I've been getting quite pissed off recently at the way several politicians (current and past) - no names, no pack drill - have set up companies to receive all income other than parliamentary salaries. The usual form of explanation when questioned is that these politicians claim that they personally draw no monies from these companies and that the companies pay just expenses.

Please note that I believe this means that the company will pay for perfectly legitimate expenses that otherwise the MP would have to pay for out of taxed income if he was not operating through a limited company. Thus the company could pay for 5* hotels for him to stay in while on speaking assignments, for first class air fares to engagements abroad, for chauffeur driven cars to UK events and so on. All of these would be 'legitimate business expenses incurred in the course of providing the services of xxx MP' and thus allowable. The company could pay for his food while on speaking assignments too. If the company is VAT registered (and it almost certainly would be) much of the VAT could be reclaimed as well.

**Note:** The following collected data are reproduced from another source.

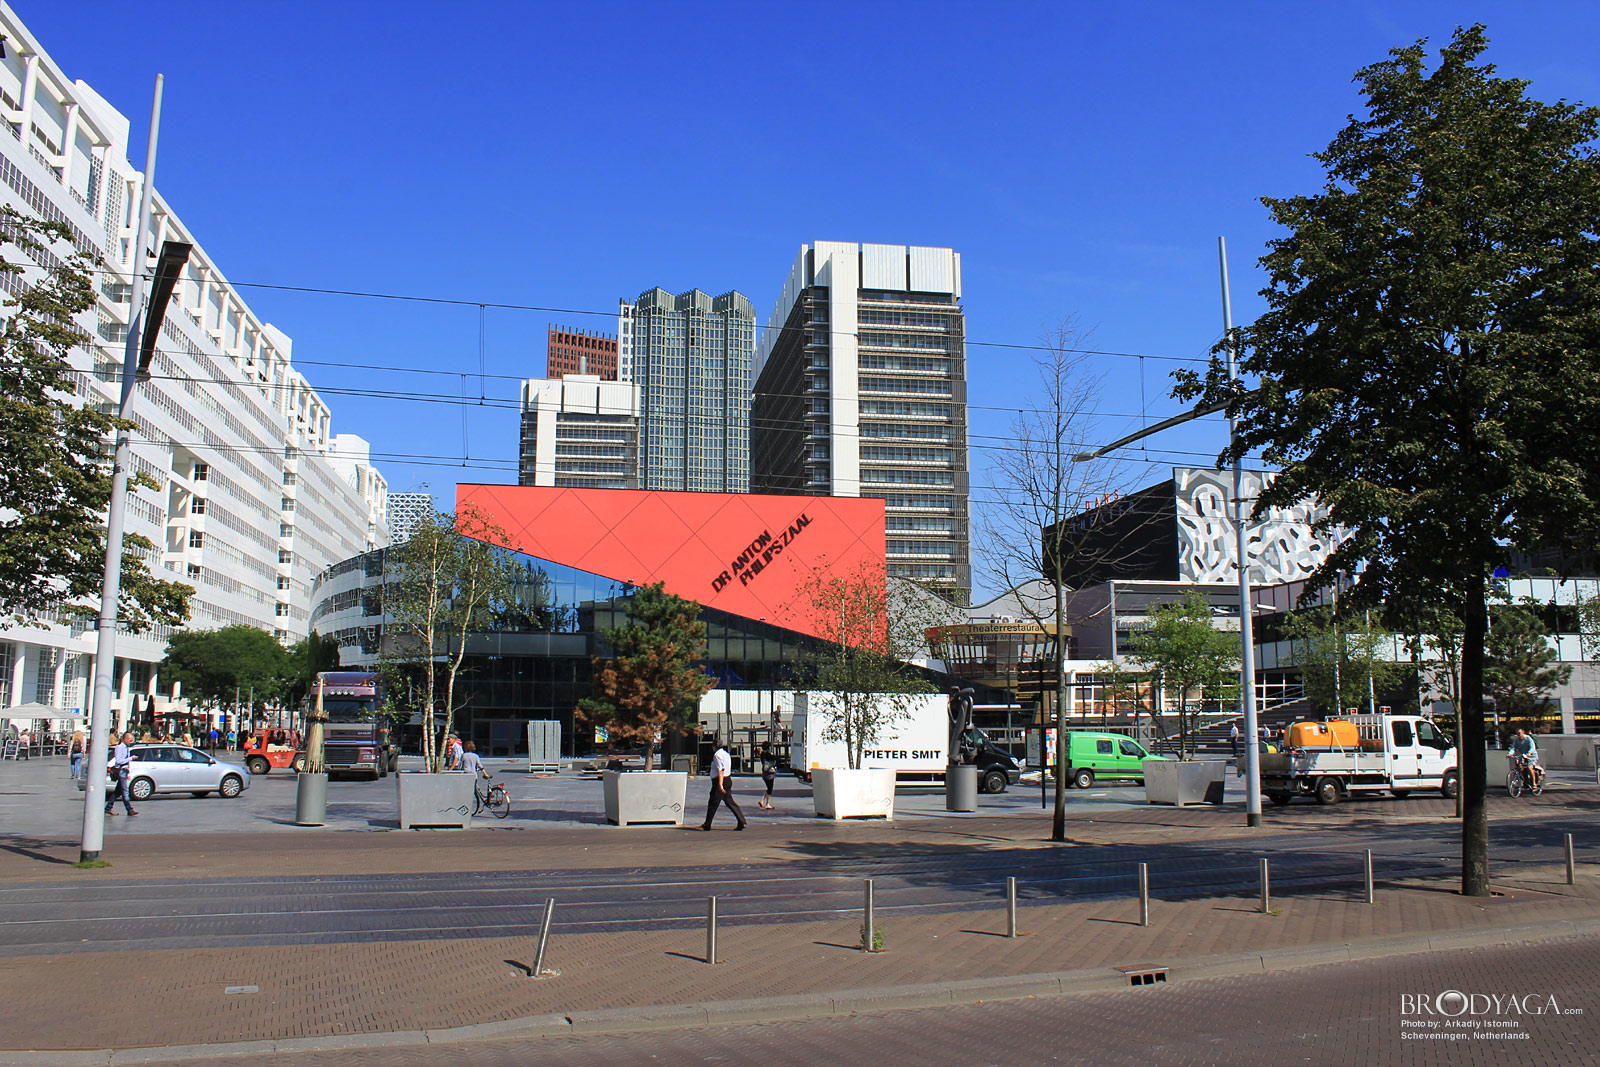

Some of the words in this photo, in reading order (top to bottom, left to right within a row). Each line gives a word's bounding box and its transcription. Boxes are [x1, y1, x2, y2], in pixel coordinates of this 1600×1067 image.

[711, 570, 732, 593] DR
[731, 529, 772, 577] ANTON
[864, 750, 908, 759] PIETER
[911, 750, 941, 759] SMIT
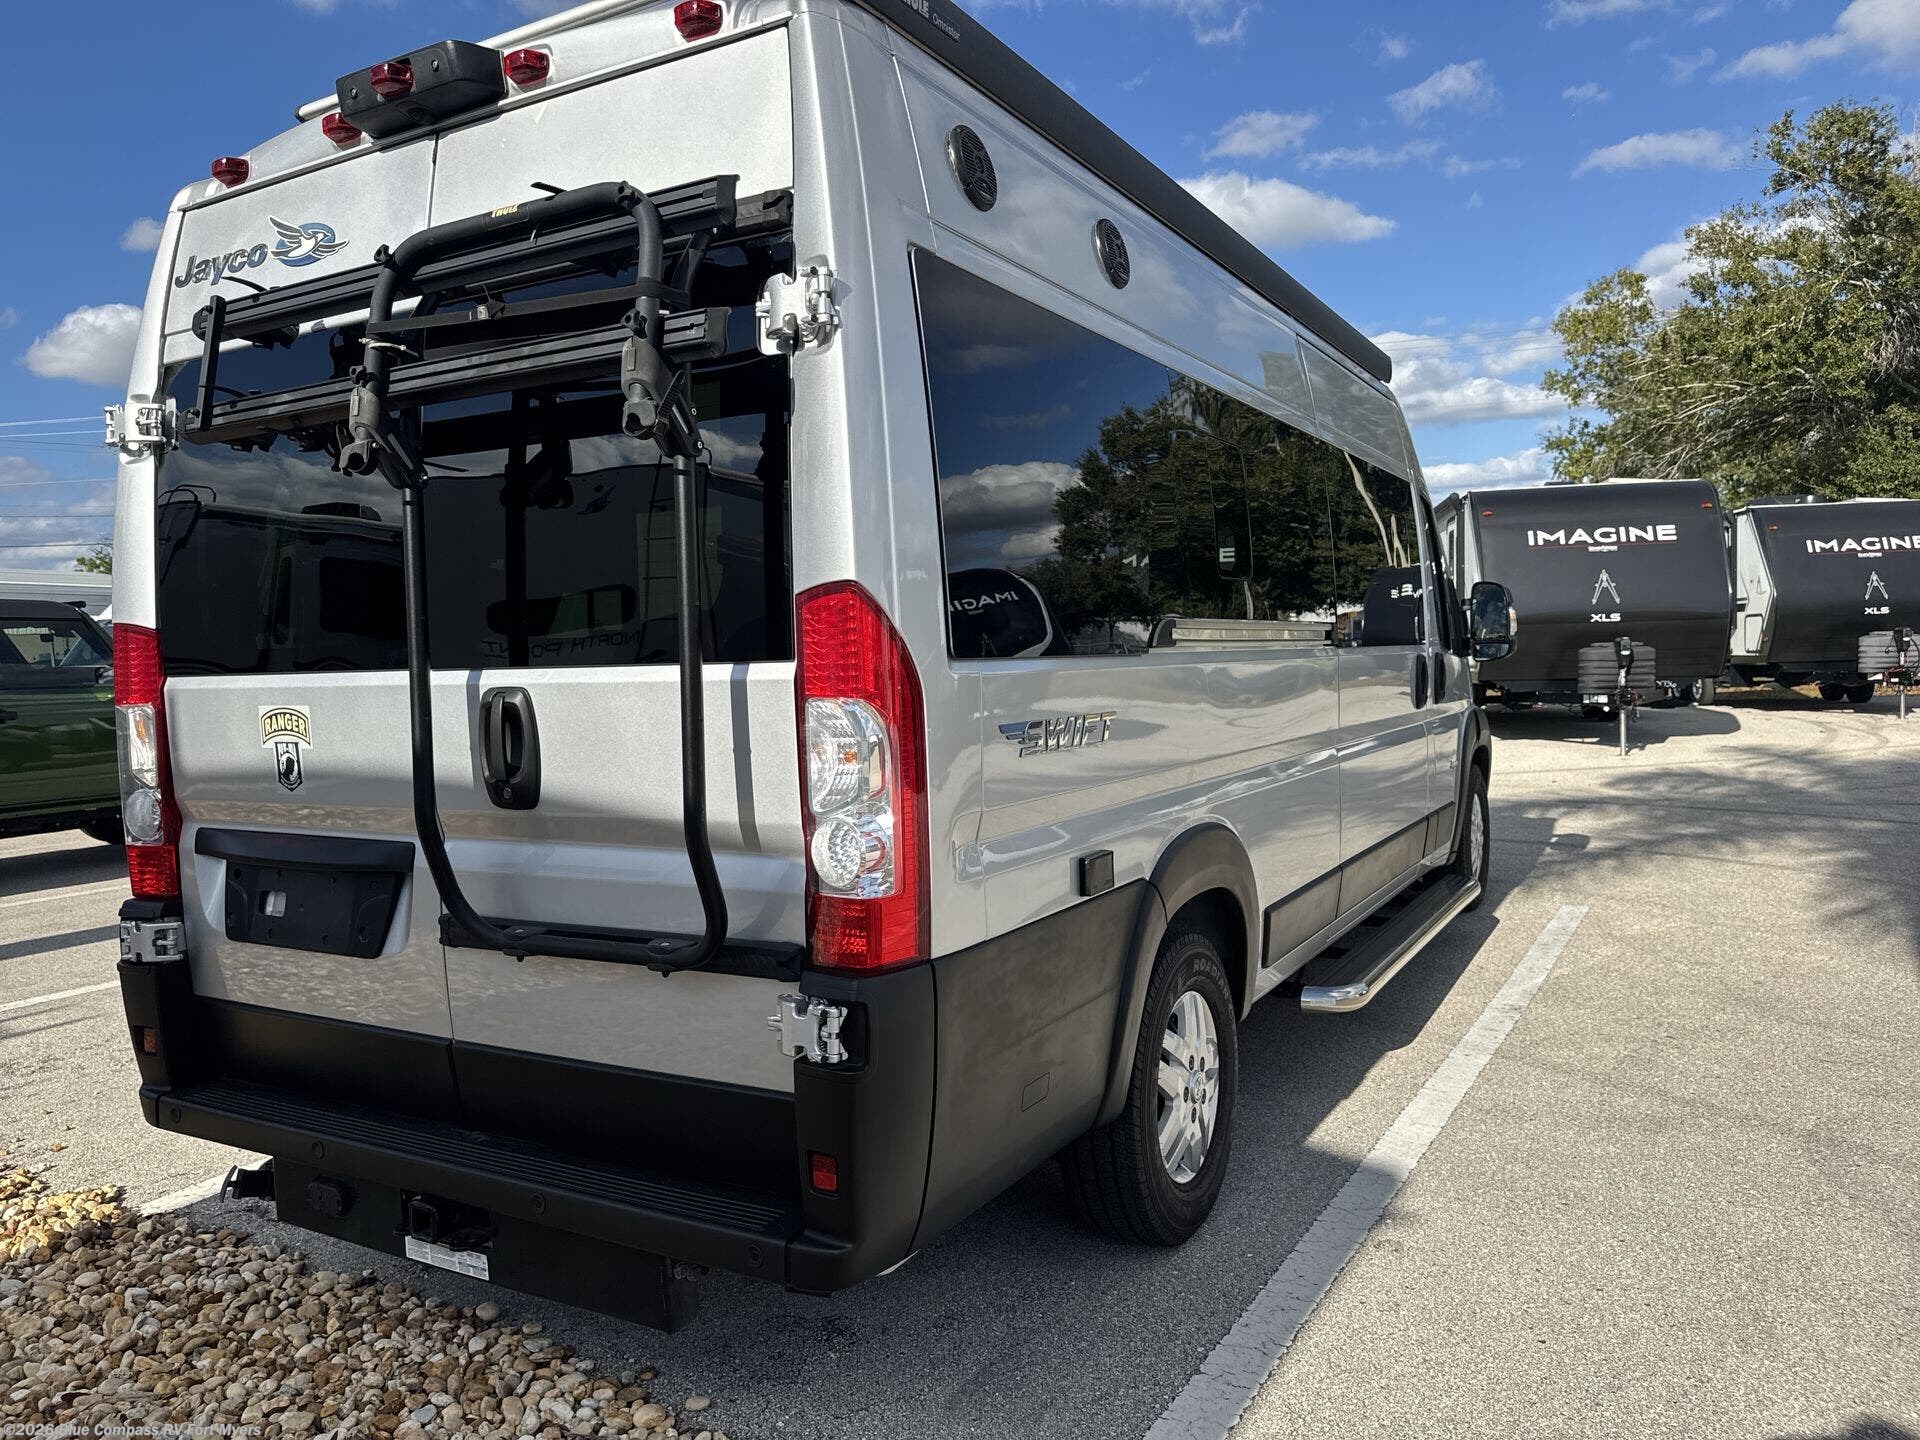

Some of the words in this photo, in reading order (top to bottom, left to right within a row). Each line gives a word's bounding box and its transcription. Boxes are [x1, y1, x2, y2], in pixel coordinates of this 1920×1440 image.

[174, 243, 269, 289] Jayco
[1527, 524, 1678, 546] IMAGINE
[1590, 613, 1622, 622] XLS
[1864, 606, 1890, 615] XLS
[263, 713, 307, 738] RANGER
[1018, 710, 1117, 757] SWIFT
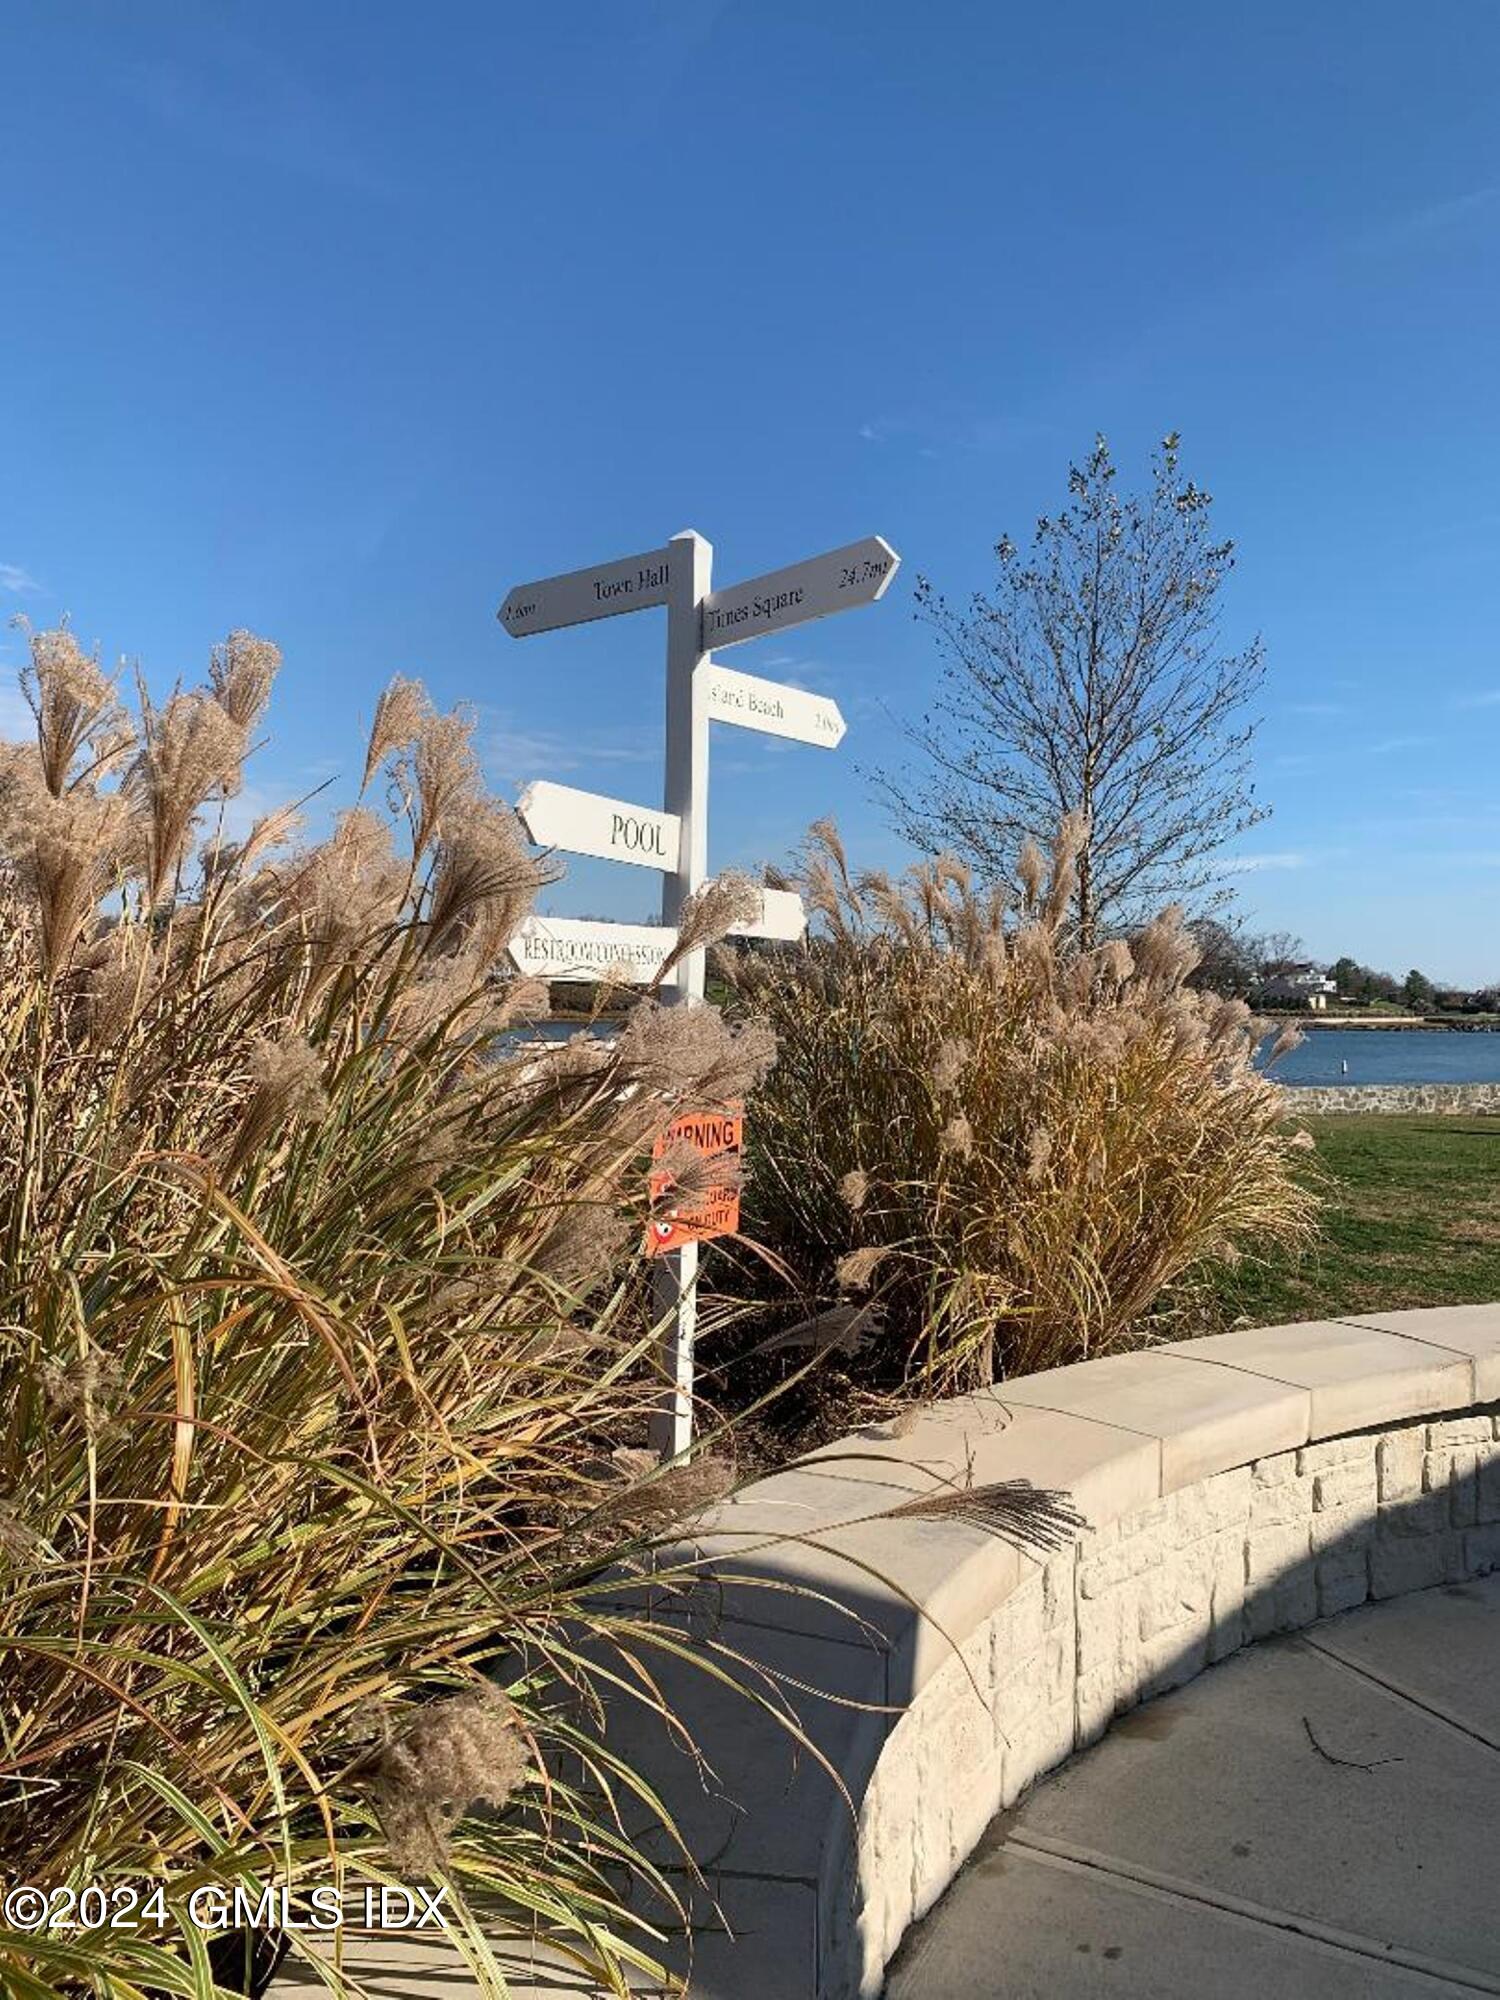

Nice work if you can get it and so many ex-Labour cabinet ministers seems to be able to get it.

Don't get me wrong I am not saying that people shouldn't try and minimse their tax liability, after all Lord Clyde, the judge in a case brought by the Revenue against a "tax avoider" in 1929 said:
'No man in this country is under the smallest obligation, moral or other, so to arrange his legal relations to his business or to his property as to enable the Inland Revenue to put the largest possible shovel into his stores.  The Inland Revenue is not slow – and quite rightly – to take every advantage which is open to it under the taxing statutes for the purpose of depleting the taxpayer’s pocket. And the taxpayer is, in like manner, entitled to be astute to prevent, so far as he honestly can, the depletion of his means by the Revenue.'
However when the same MP criticises others for tax-avoidance, the cry of hypocrisy seems hard not to make.